Я промолчал, не зная, как реагировать. Марокин хлопнул меня по плечу:
– Не обижайся, – посерьезнев, добавил, указав рукой на склон, где находится лагерное кладбище. – Они, эти суки, вон где лежат. А рядом с ними – воры. В 50-х гг. их вагонетками вывозили из зоны, в период сучьей войны.
Тогда я впервые услышал об этом и, конечно же, не предполагал, что «суки» и «воры», их жизненные проблемы, их кровавое единоборство станут когда-нибудь предметом моей деятельности и исследований.
В начале Великой Отечественной войны, в соответствии с Указами Президиума Верховного Совета СССР от 12 июля и 24 ноября 1941 г. из мест лишения свободы были досрочно освобождены различные категории заключенных для отправки на фронт (около 25 % от общего числа). В течение 1942–1943 гг., по специальным решениям Государственного Комитета Обороны, освобождается еще около 10 % осужденных. В числе «специального контингента», мобилизованного в армию, оказалось и немало «воров». Кроме того – в военный период, в результате усилившегося давления администрации, отдельные «воры» были вынуждены начать работать[140].
Все это, как известно, считалось серьезным отступлением от «воровского закона». Никто в то время не мог предвидеть, что война разделит хранителей криминальной субкультуры на две враждебные группы. Но произошло именно то, чего еще не знала вековая история преступного мира. Образовавшаяся довольно многочисленная группа «отошедших воров», «вероотступников», «сук»[141] всячески стала преследоваться «авторитетами» уголовной среды.
Ранее «изменник» (их было не так много) из «воровского мира» изгонялся или к нему применялись иные санкции, культивируемые в сообществе. В свою очередь, персонал ИТЛ изолировал гонимых в отдельные камеры, которые в среде лишенных свободы стали называть «сучьими будками»[142].
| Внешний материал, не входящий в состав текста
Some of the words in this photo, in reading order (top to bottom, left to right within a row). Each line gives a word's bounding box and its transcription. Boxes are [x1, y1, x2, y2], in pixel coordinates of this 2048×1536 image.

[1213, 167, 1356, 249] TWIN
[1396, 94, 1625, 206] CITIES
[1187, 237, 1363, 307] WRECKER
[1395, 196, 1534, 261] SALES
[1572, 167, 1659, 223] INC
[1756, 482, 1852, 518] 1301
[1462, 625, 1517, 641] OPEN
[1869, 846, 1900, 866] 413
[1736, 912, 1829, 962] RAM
С начала же войны число «сук» непомерно возросло, и со временем они образовали самостоятельную категорию осужденных, своеобразную криминальную «масть».
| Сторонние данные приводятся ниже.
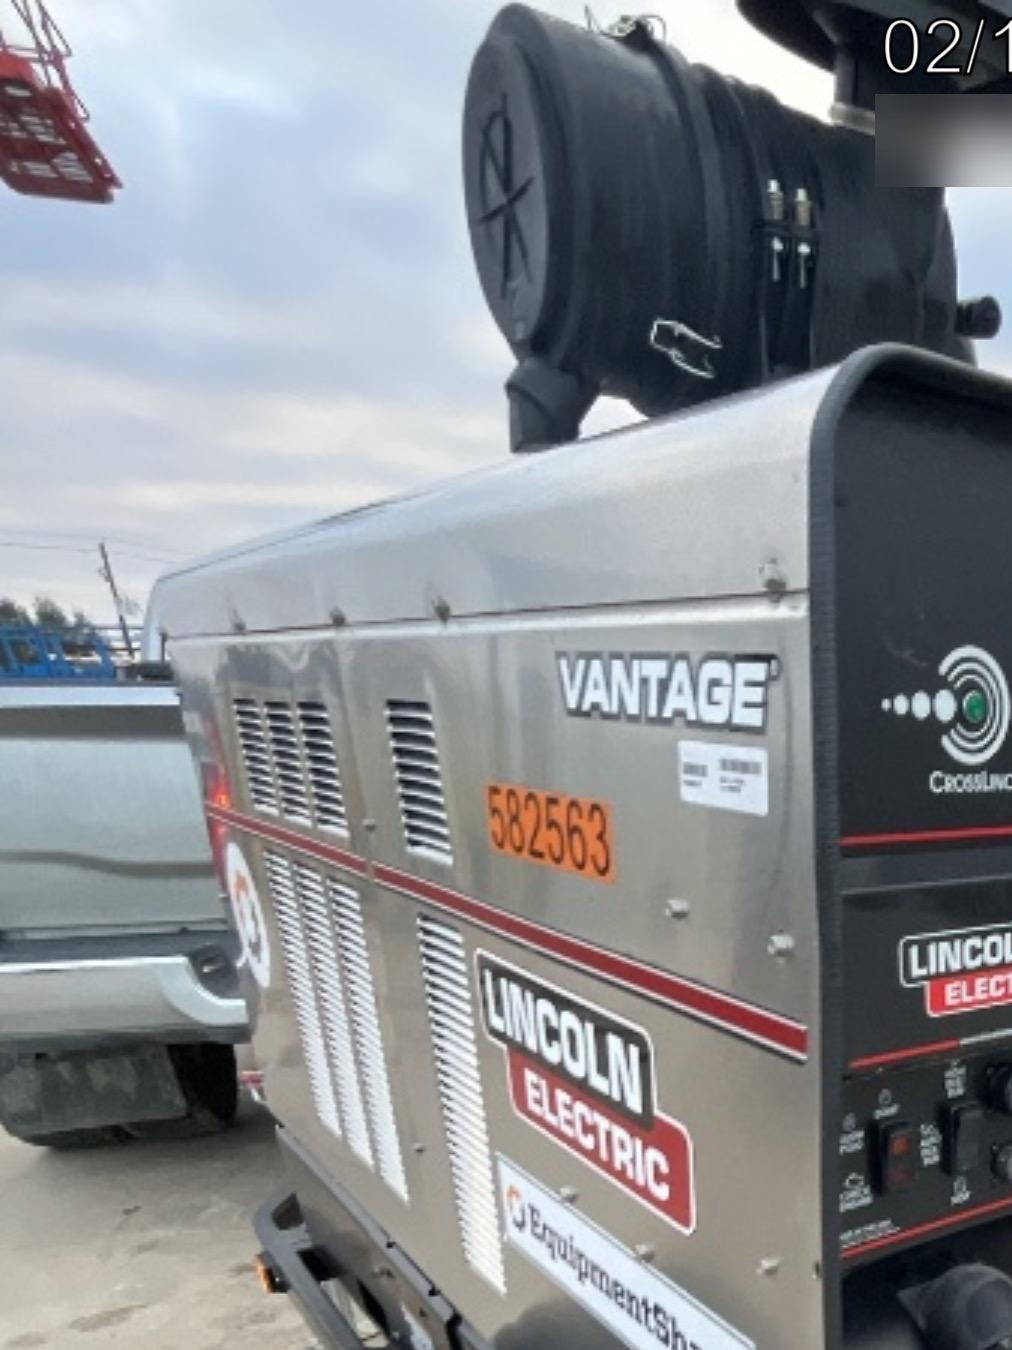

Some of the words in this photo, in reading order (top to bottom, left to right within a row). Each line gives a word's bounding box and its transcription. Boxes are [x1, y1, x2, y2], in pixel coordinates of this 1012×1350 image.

Таким образом, сообщество заключенных неизбежно вышло за рамки сбалансированного состояния, и были созданы условия для междоусобной массовой борьбы за привилегированное место, которая обосновывалась своеобразными идейными мотивами и соответствующим эмоциональным состоянием участников конфликта.
Осмысливая события «сучьей войны», свидетелем которых писатель В. Шаламов был лично, он пытается проникнуть в душу «блатарей-воров» и «сук», объяснить психологию кровавой вакханалии.
«Сучья война отвечала темной и сильной воровской потребности – сладострастного убийства, утолению жажды крови. Эпизоды настоящей войны отразились, как в кривом зеркале, в событиях уголовной жизни. Захватывающая дух реальность кровавых событий чрезвычайно увлекла вожаков. Даже простая карманная кража ценой в три месяца тюрьмы или “квартирный скок” совершаются при неком “творческом подъеме”. Им сопутствует ни с чем не сравнимое, как говорят блатари, духовное напряжение высшего порядка, благодетельная вибрация нервов, когда вор чувствует, что он – живет.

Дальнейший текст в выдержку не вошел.